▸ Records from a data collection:
....................

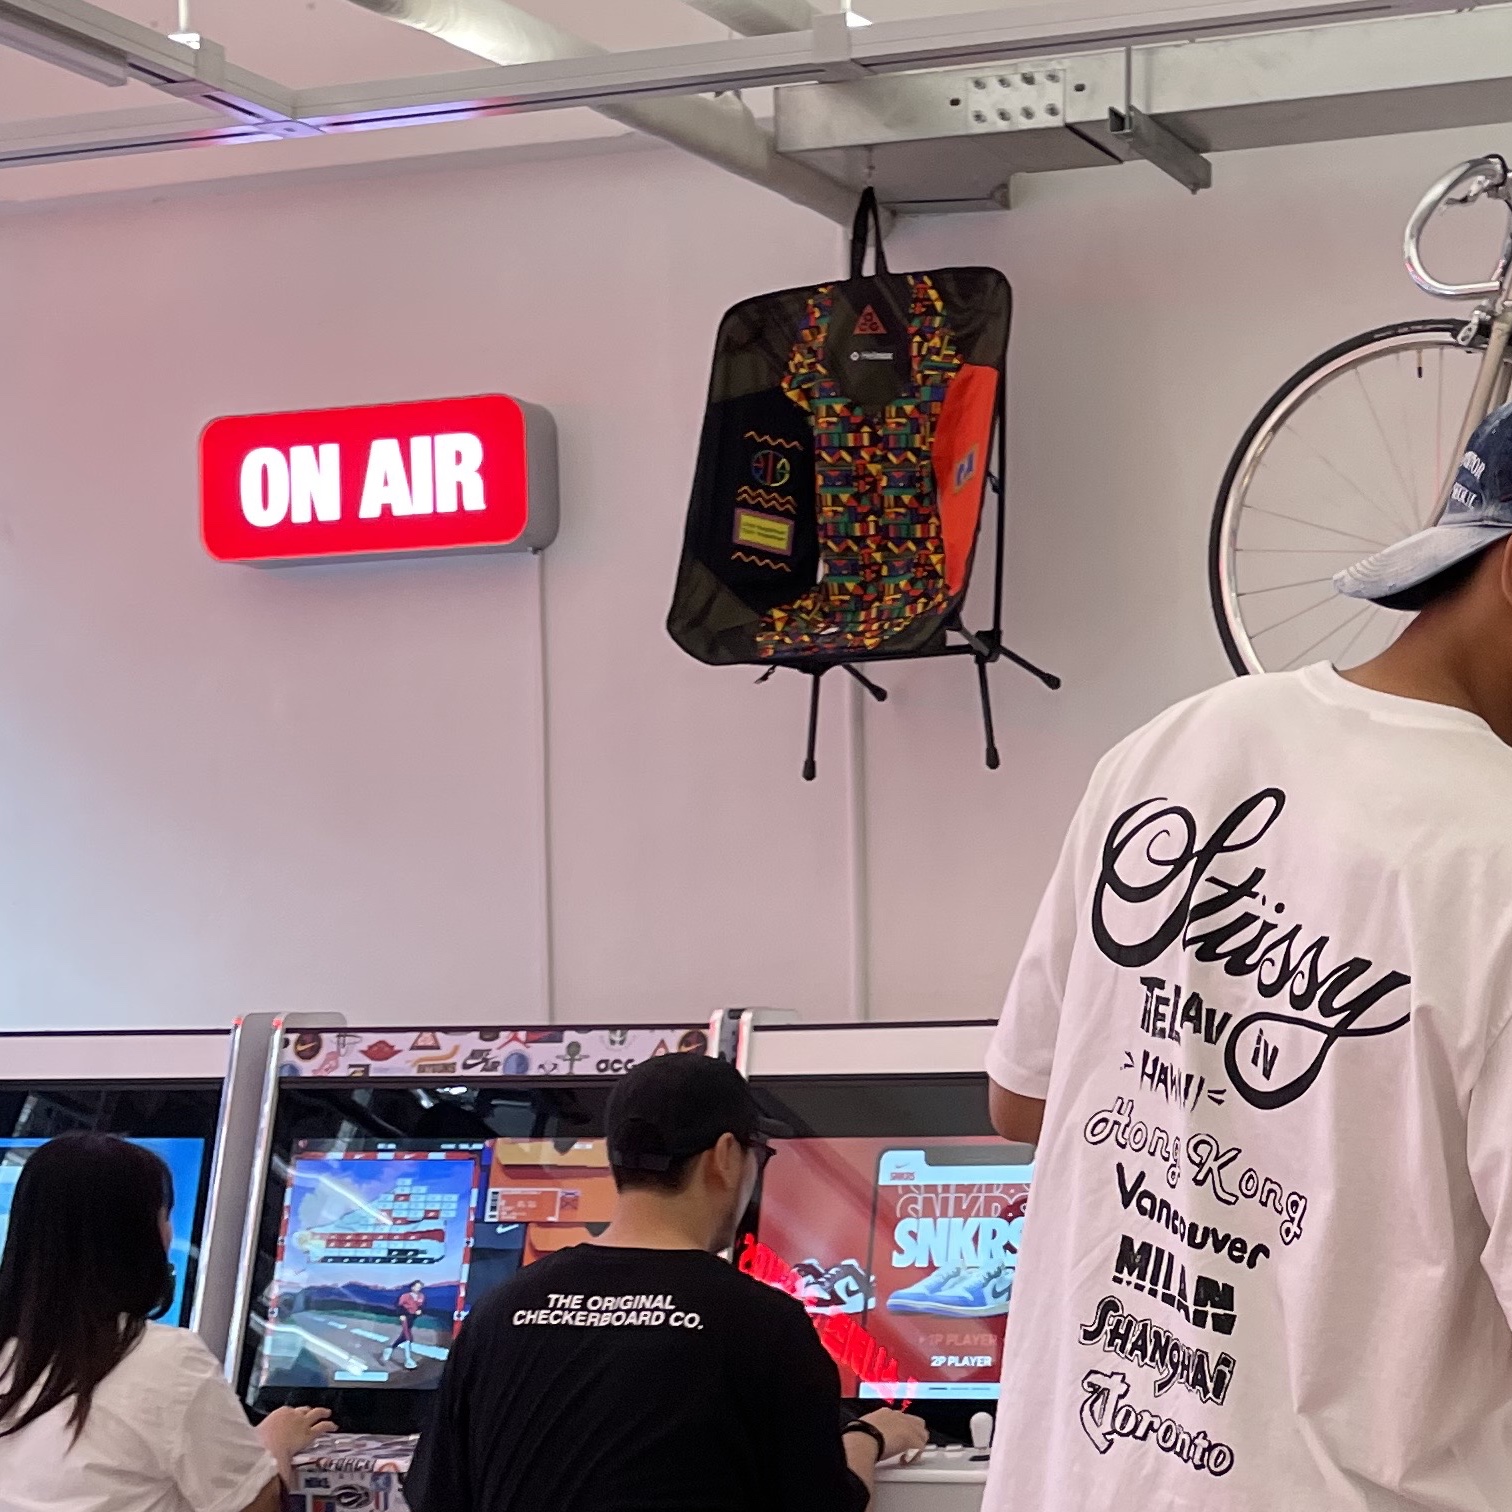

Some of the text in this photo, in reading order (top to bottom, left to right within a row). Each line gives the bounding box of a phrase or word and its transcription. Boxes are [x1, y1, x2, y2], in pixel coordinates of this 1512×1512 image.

[240, 432, 486, 527] ON AIR
[1083, 1096, 1308, 1246] Hong Kong
[512, 1310, 704, 1330] CHECKERBOARD CO.
[547, 1293, 677, 1312] THE ORIGINAL
[931, 1355, 992, 1367] 2P PLAYER
[1079, 1369, 1235, 1478] Toronto
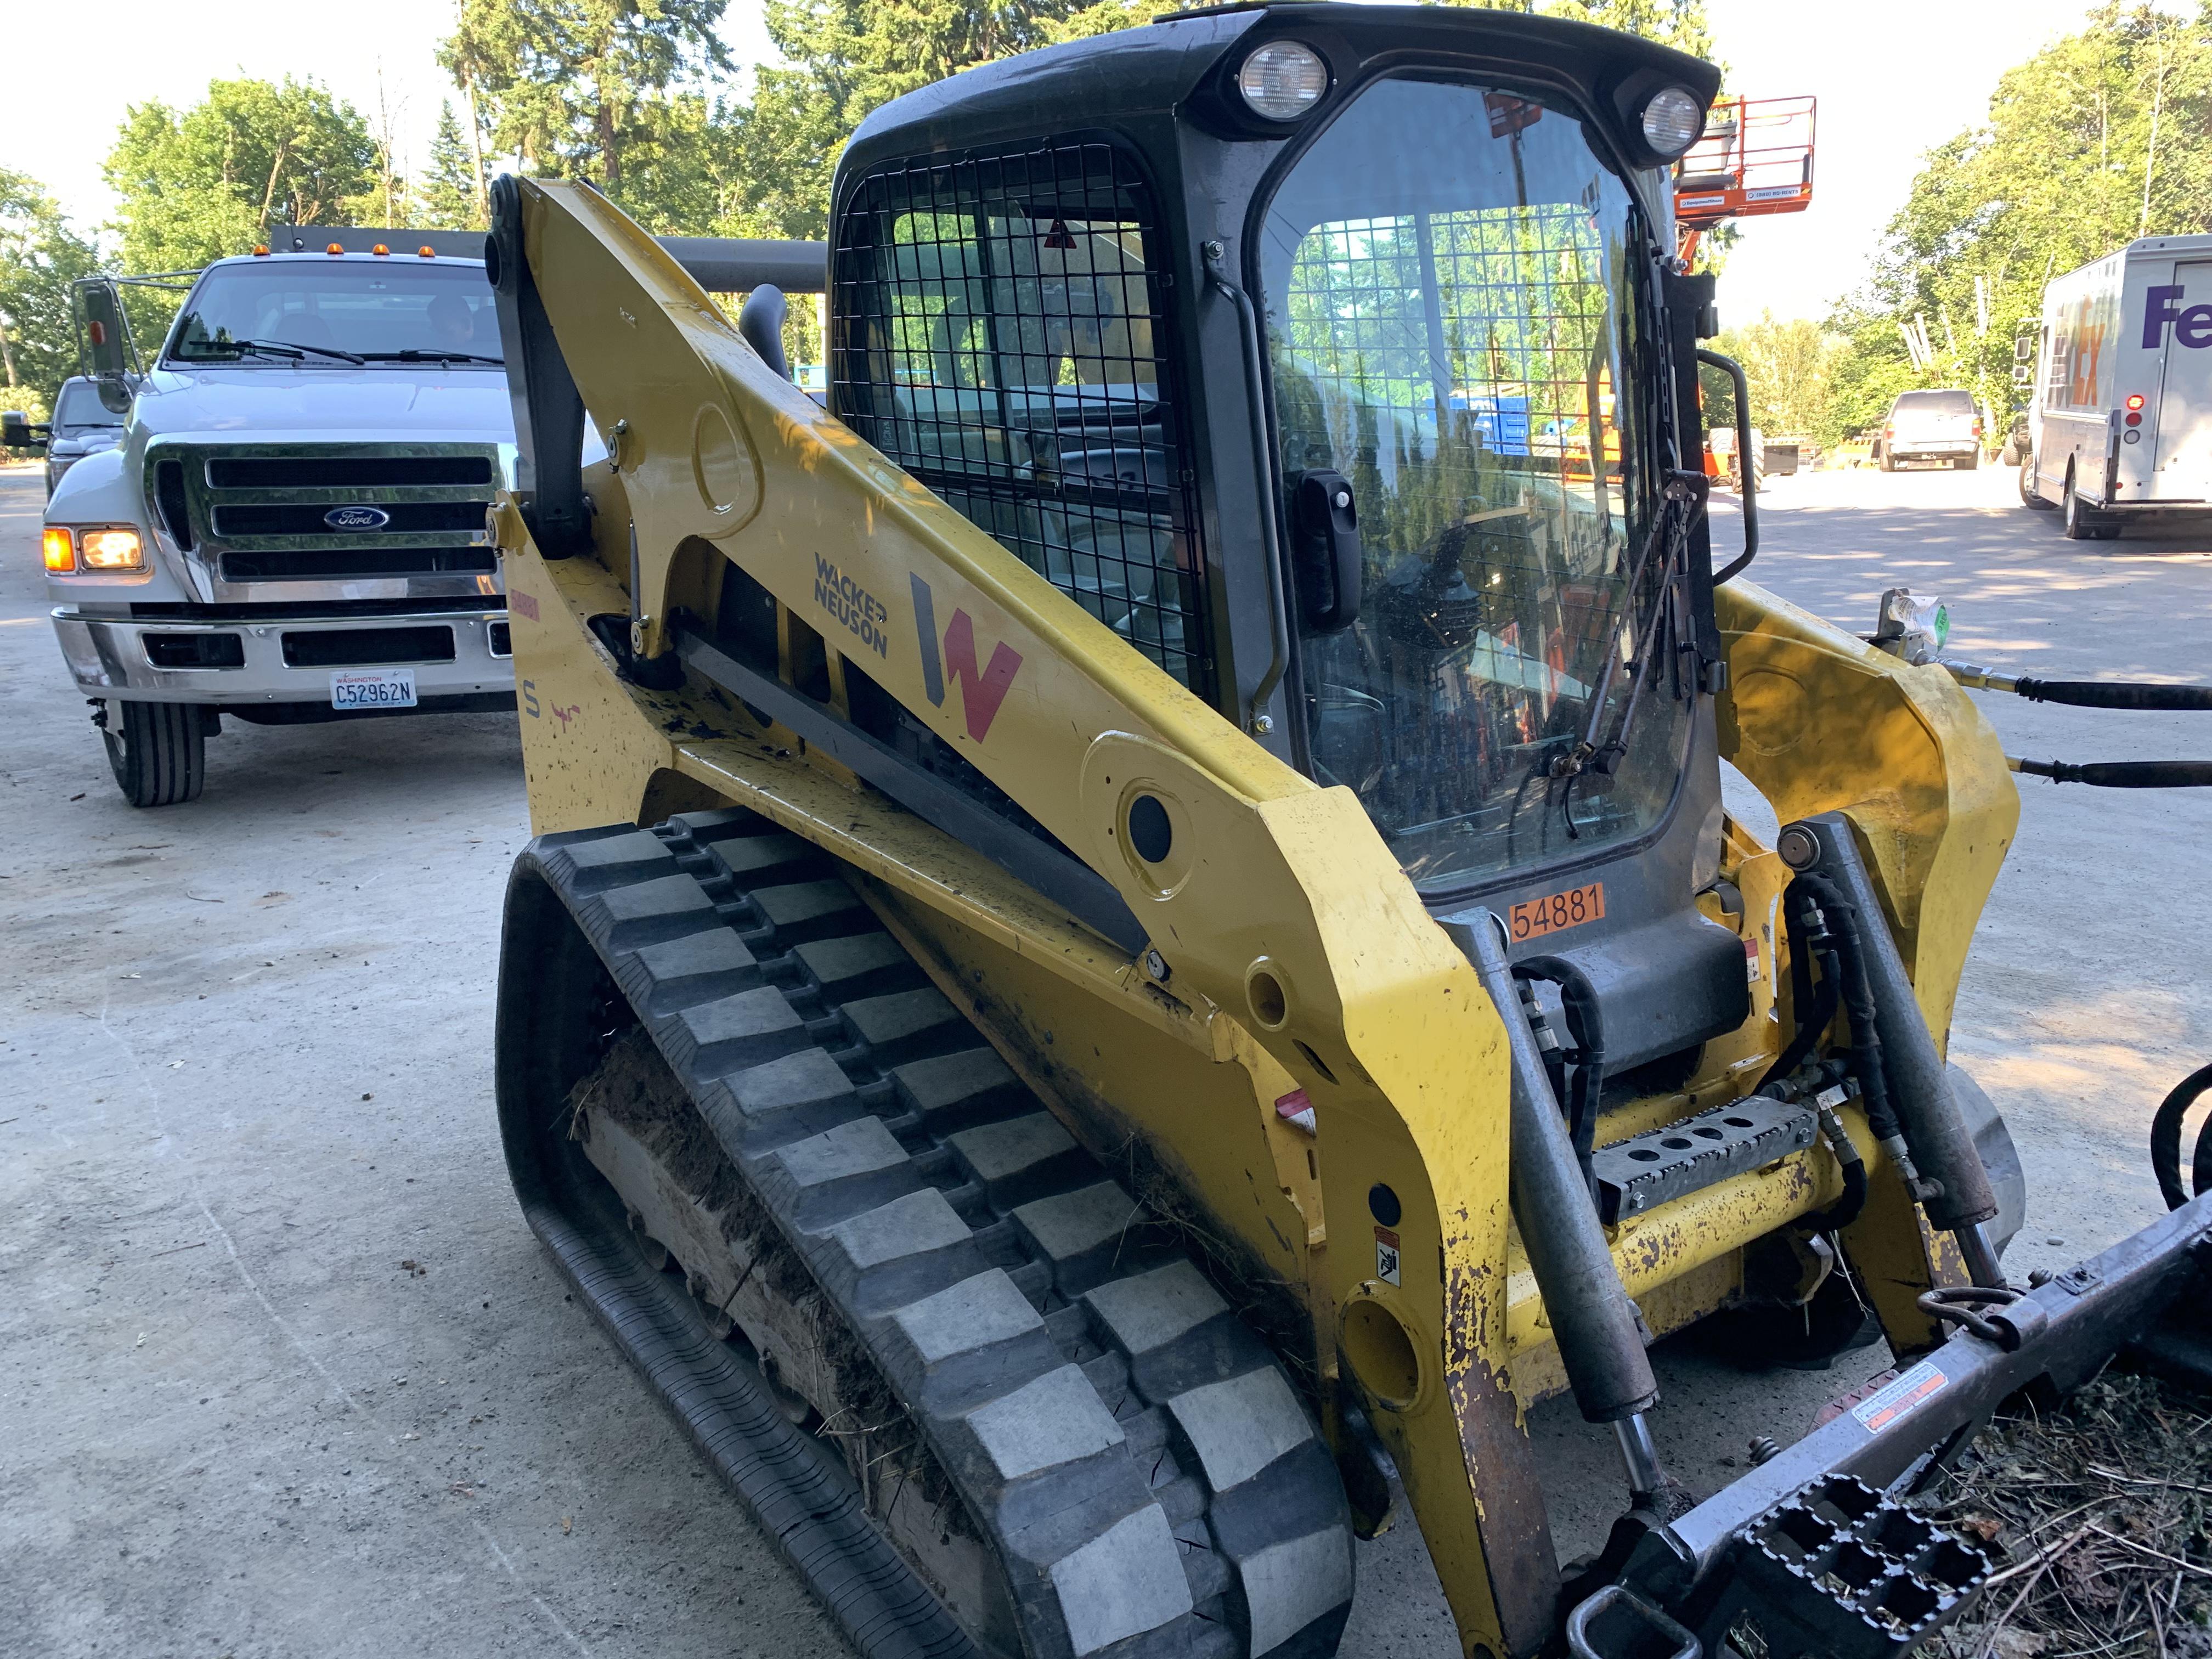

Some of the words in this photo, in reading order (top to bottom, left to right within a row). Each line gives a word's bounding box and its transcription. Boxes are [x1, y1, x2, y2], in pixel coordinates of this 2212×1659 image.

[338, 511, 373, 524] Ford
[814, 579, 888, 659] NEUSON
[336, 682, 410, 703] C52962N
[1514, 884, 1599, 938] 54881

....................

▸ Task to complete: Pictures are to be left out when the entries above are repeated exactly.

▸ Exercise response:
Some of the text in this photo, in reading order (top to bottom, left to right within a row). Each line gives the bounding box of a phrase or word and its transcription. Boxes are [x1, y1, x2, y2], in pixel coordinates of this 1512×1512 image.

[240, 432, 486, 527] ON AIR
[1083, 1096, 1308, 1246] Hong Kong
[512, 1310, 704, 1330] CHECKERBOARD CO.
[547, 1293, 677, 1312] THE ORIGINAL
[931, 1355, 992, 1367] 2P PLAYER
[1079, 1369, 1235, 1478] Toronto

Some of the words in this photo, in reading order (top to bottom, left to right within a row). Each line gives a word's bounding box and its transcription. Boxes are [x1, y1, x2, y2], in pixel coordinates of this 2212×1659 image.

[338, 511, 373, 524] Ford
[814, 579, 888, 659] NEUSON
[336, 682, 410, 703] C52962N
[1514, 884, 1599, 938] 54881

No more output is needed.